Sono trascorsi appena 87 anni dal massacro di Addis Abeba, tra i tanti crimini del colonialismo italiano, uno dei più spietati, commesso lontano dai campi di battaglia, senza nemmeno l'alibi di una guerra in corso. Oggi l'eterodiretto governino Meloni, erede del neofascista Msi, torna indietro e ripropone per l'Africa il cosiddetto e sgangherato “Piano Mattei”, ovvero lo sfruttamento delle risorse naturali, mascherato da finto altruismo, con annessi campi di concentramento dei migranti.

Al momento della sua massima estensione, subito prima dell'inizio della Seconda guerra mondiale, il denominato Impero italiano aveva circa 12 milioni di abitanti. Era una occupazione coloniale costruita nell'arco di pochi decenni, sotto la pressione di politicanti arrembanti, nazionalisti bellici, nonché prenditori a caccia di ghiottosi appaltoni pubblici e profitti militari. 70 anni di occupazioni coloniali terminate con la caduta del fascismo e la sconfitta nella seconda guerra mondiale ed iniziate nel 1882 in Eritrea, nel 1889 in Somalia, nel 1911 in Libia e nel 1935 in Etiopia.

Quella italiana fu un'avventura coloniale iniziata in ritardo rispetto ad altri Paesi europei e con un risultato mediocre: un piccolo impero povero di risorse naturali e di abitanti. Il prezzo pagato per ottenerlo, però, fu alto: per gli italiani e, ancora di più, per le popolazioni locali occupate.

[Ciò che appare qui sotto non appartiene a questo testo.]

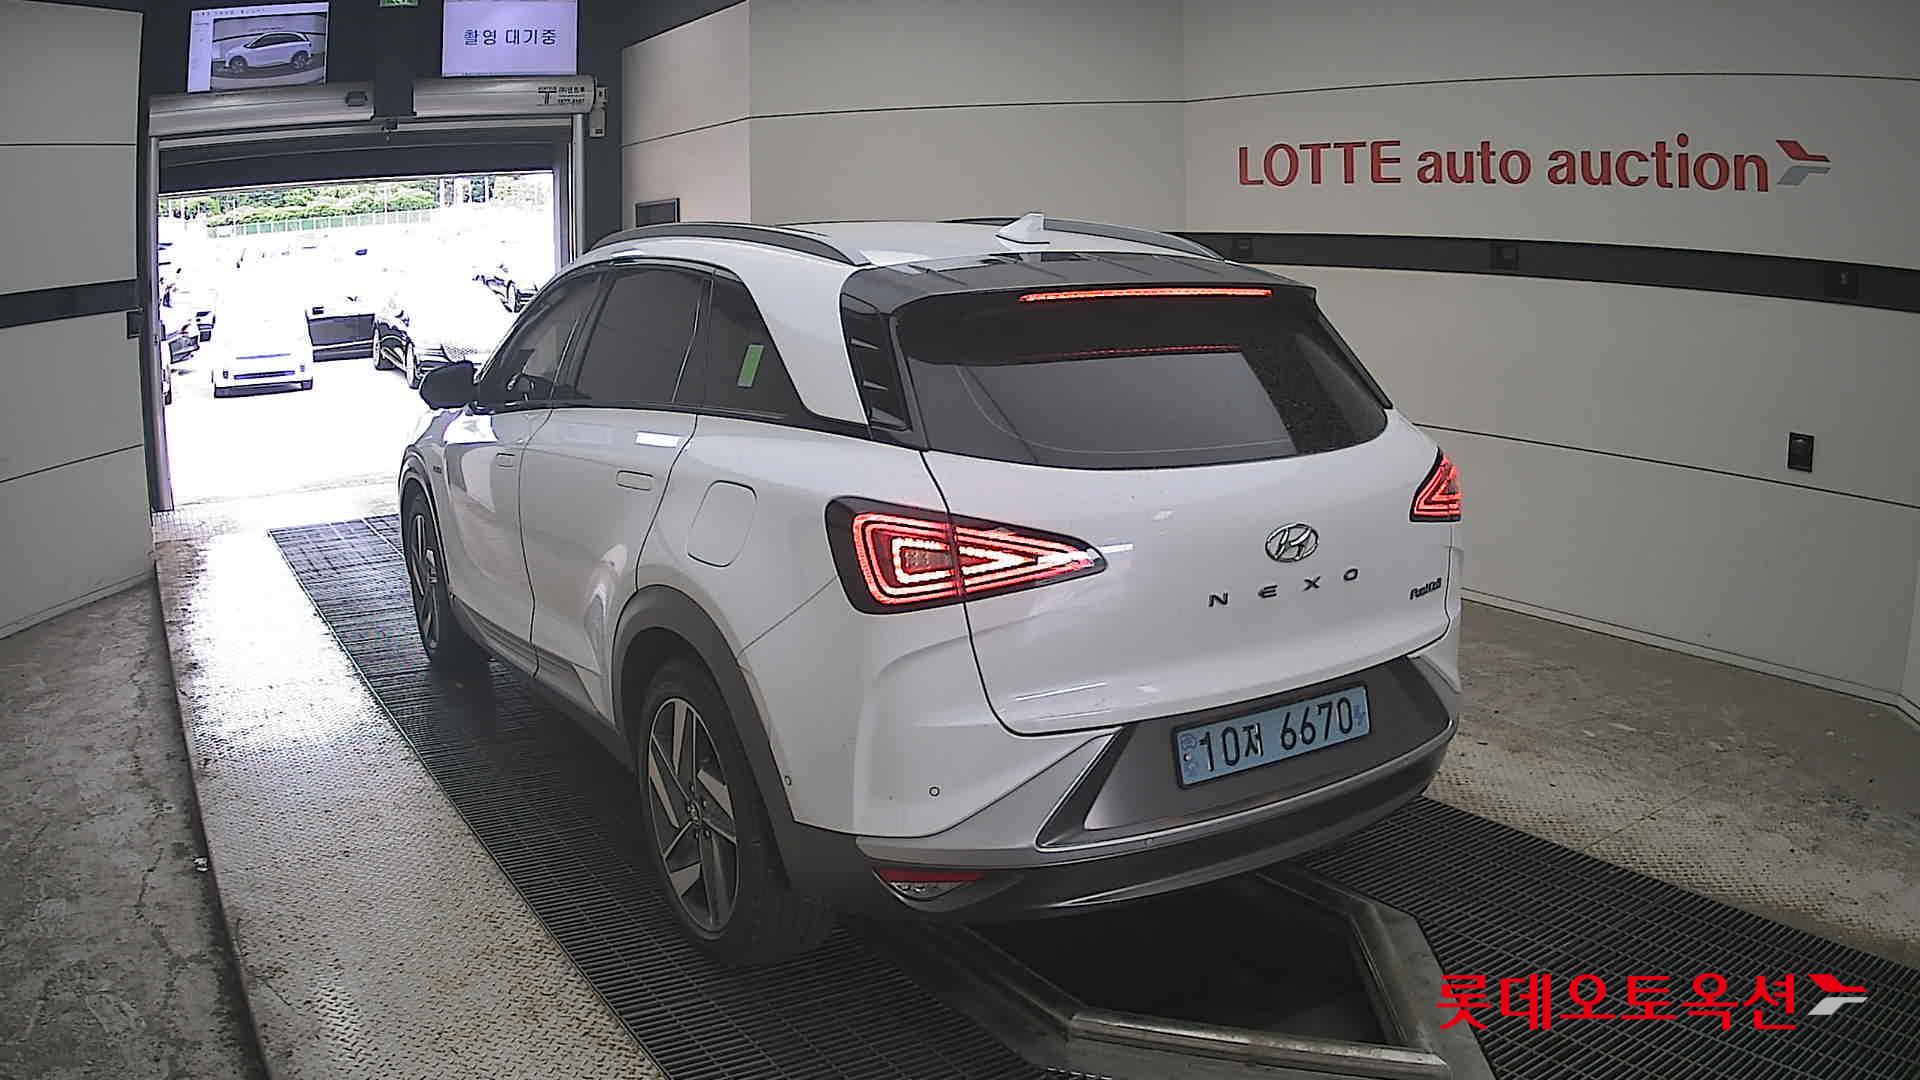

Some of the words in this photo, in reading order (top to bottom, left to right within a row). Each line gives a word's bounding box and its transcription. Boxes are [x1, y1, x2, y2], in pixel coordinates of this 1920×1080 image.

[464, 29, 498, 46] 촬영
[505, 29, 556, 46] 대기중
[1239, 141, 1401, 187] LOTTE
[1417, 141, 1532, 185] auto
[1547, 132, 1769, 193] auction
[1199, 721, 1264, 772] 10저
[1280, 696, 1354, 751] 6670

Le espropriazioni di terreni alle popolazioni locali, l'imposizione di norme sociali ed economiche che ne hanno stravolto le vite aggravando la già diffusa povertà, hanno costituito la base sulla quale è stata costruita la presenza degli italiani nelle colonie. Le atrocità commesse dagli italiani, sia militari sia civili, sono state numerose e ampiamente documentate (negate dal pennivendolo Indro Montanelli che partecipò a quella stagione di vili atrocità e ai giorni nostri fu smascherato dal giornalista Angelo Del Boca), così come l'uso massivo delle armi chimiche sulle popolazioni civili, vale a dire le bombe all'iprite (fabbricate dalla Dinamite Nobel a Bussi sul Tirino) bandite dalla Convenzione di Ginevra del 1925), le deportazioni di massa in Cirenaica e le stragi indiscriminate in Etiopia.

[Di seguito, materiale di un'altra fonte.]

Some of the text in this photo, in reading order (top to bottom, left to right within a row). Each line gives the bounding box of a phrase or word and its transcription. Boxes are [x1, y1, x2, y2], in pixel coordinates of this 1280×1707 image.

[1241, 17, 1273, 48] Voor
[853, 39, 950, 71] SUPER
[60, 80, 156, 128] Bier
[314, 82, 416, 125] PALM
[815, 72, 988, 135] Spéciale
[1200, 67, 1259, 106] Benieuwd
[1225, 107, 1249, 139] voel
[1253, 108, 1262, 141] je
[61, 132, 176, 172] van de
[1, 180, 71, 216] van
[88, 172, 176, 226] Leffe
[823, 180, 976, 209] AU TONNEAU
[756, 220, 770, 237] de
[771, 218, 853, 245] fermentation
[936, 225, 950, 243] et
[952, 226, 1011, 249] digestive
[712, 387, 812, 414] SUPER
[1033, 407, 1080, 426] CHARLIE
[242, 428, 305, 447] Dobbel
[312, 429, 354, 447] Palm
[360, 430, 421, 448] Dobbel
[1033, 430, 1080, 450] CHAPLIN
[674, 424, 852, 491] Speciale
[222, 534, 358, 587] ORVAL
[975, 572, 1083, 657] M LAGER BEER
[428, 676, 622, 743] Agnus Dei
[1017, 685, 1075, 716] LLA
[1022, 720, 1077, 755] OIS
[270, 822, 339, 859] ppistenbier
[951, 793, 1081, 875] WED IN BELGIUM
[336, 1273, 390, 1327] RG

Sicuramente è la più efferata tra tutte le stragi con gas proibiti compiute in Etiopia negli anni della sciagurata guerra coloniale, voluta dal fascismo di Mussolini ed avallata dai Savoia (1936-1941). I fatti più cruenti risalgono al 1939, nei giorni tra il 9 e l’11 aprile, quando la “gloriosa” aeronautica miliare italiana, oggi zerbino dei militari nordamericani, avvistò nella regione del Gaia Zeret-Lalomedir quello che appariva come un gruppo consistente di ribelli etiopi. Era in realtà una carovana di mille, forse duemila, tra feriti, vecchi, donne e bambini solo familiari dei patrioti in armi. Civili in fuga che pensarono di trovare un riparo sicuro asserragliandosi all’interno di una grande grotta. Vennero assediati per giorni, finché il tenente colonnello Gennaro Sora pensò di ricorrere all’irrorazione della caverna con l’iprite, il micidiale gas tossico già largamente impiegato dalle forze fasciste. Tutti gli assediati persero la vita: e fu una strage tanto più agghiacciante in quanto perpetrata dal nostro esercito ai danni di persone disarmate e indifese.

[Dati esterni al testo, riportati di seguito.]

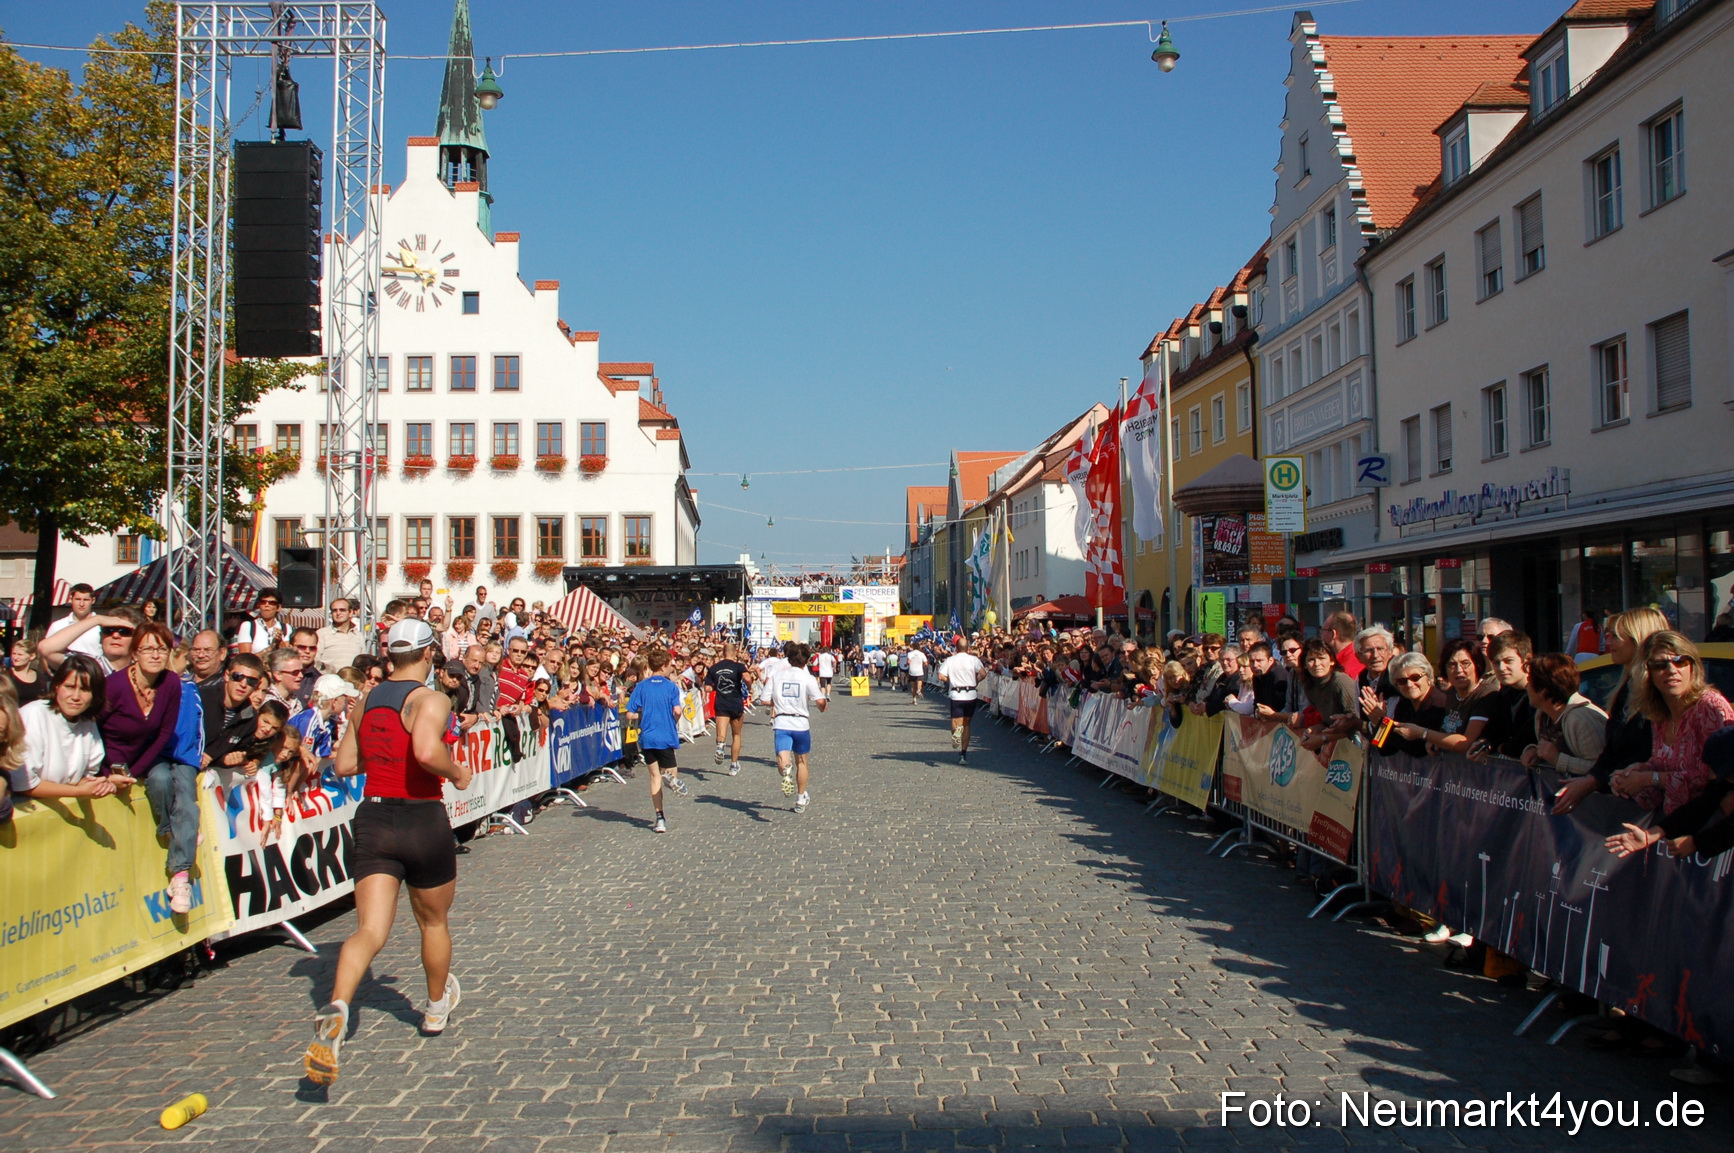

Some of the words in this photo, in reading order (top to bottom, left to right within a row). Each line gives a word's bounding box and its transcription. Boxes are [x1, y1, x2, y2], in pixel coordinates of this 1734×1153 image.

[1277, 467, 1292, 484] H
[1217, 528, 1245, 546] ROCK
[808, 604, 829, 612] ZIEL
[493, 727, 536, 769] Reen
[1328, 763, 1346, 771] vom
[1325, 769, 1351, 784] FASS
[1399, 770, 1411, 784] und
[1412, 771, 1433, 787] Türme
[1444, 779, 1460, 796] sind
[1461, 786, 1488, 802] unsere
[16, 964, 78, 994] Gartenmauern

La mattina del 19 febbraio 1937 due patrioti eritrei appartenenti alla resistenza etiope lanciarono delle bombe a mano nel palazzo Guennet Leul di Addis Abeba causando la morte di sette persone e il ferimento di una cinquantina di presenti, tra cui il viceré Rodolfo Graziani. La reazione immediata fu violentissima: i militari spararono a raffica sulla folla inerme, uccidendo quasi tutti i presenti. La reazione delle ore successive fu ancora peggiore: il segretario federale del Partito fascista Guido Cortese, che prese il comando al posto di Graziani, ricoverato in ospedale, ordinò una rappresaglia generalizzata contro la popolazione etiope, facendo distribuire armi a tutti gli italiani e incitando anche i civili a partecipare a un massacro indiscriminato che per tre giorni mise a ferro e fuoco la città, causando migliaia di vittime etiopi.

Da allora in Etiopia il massacro viene ricordato con una giornata di commemorazione dedicata a Yekatit 12, la data che nel calendario locale indica il 19 febbraio; in Italia, invece, la vicenda è stata costantemente taciuta.

La violenza del colonialismo italiano è stata anche apartheid razzista e sessista, costruita con norme, atti amministrativi e sentenze. Eppure decenni di aggressioni, discriminazioni e violenze sono stati oggetto di una sistematica rimozione delle responsabilità che ha relegato queste pagine buie della memoria nazionale agli estremi margini del discorso pubblico. Oggi diverse associazioni della società civile sono impegnate a rievocare la memoria di quanto accaduto in quegli anni ad opera degli italiani nei confronti delle popolazioni e dei territori africani, ma questo non basta. È importante che nelle scuole si studi questa parte della nostra storia che non può e non deve essere dimenticata. È fondamentale diffondere nel Paese e nelle giovani generazioni quanto accaduto in quegli anni.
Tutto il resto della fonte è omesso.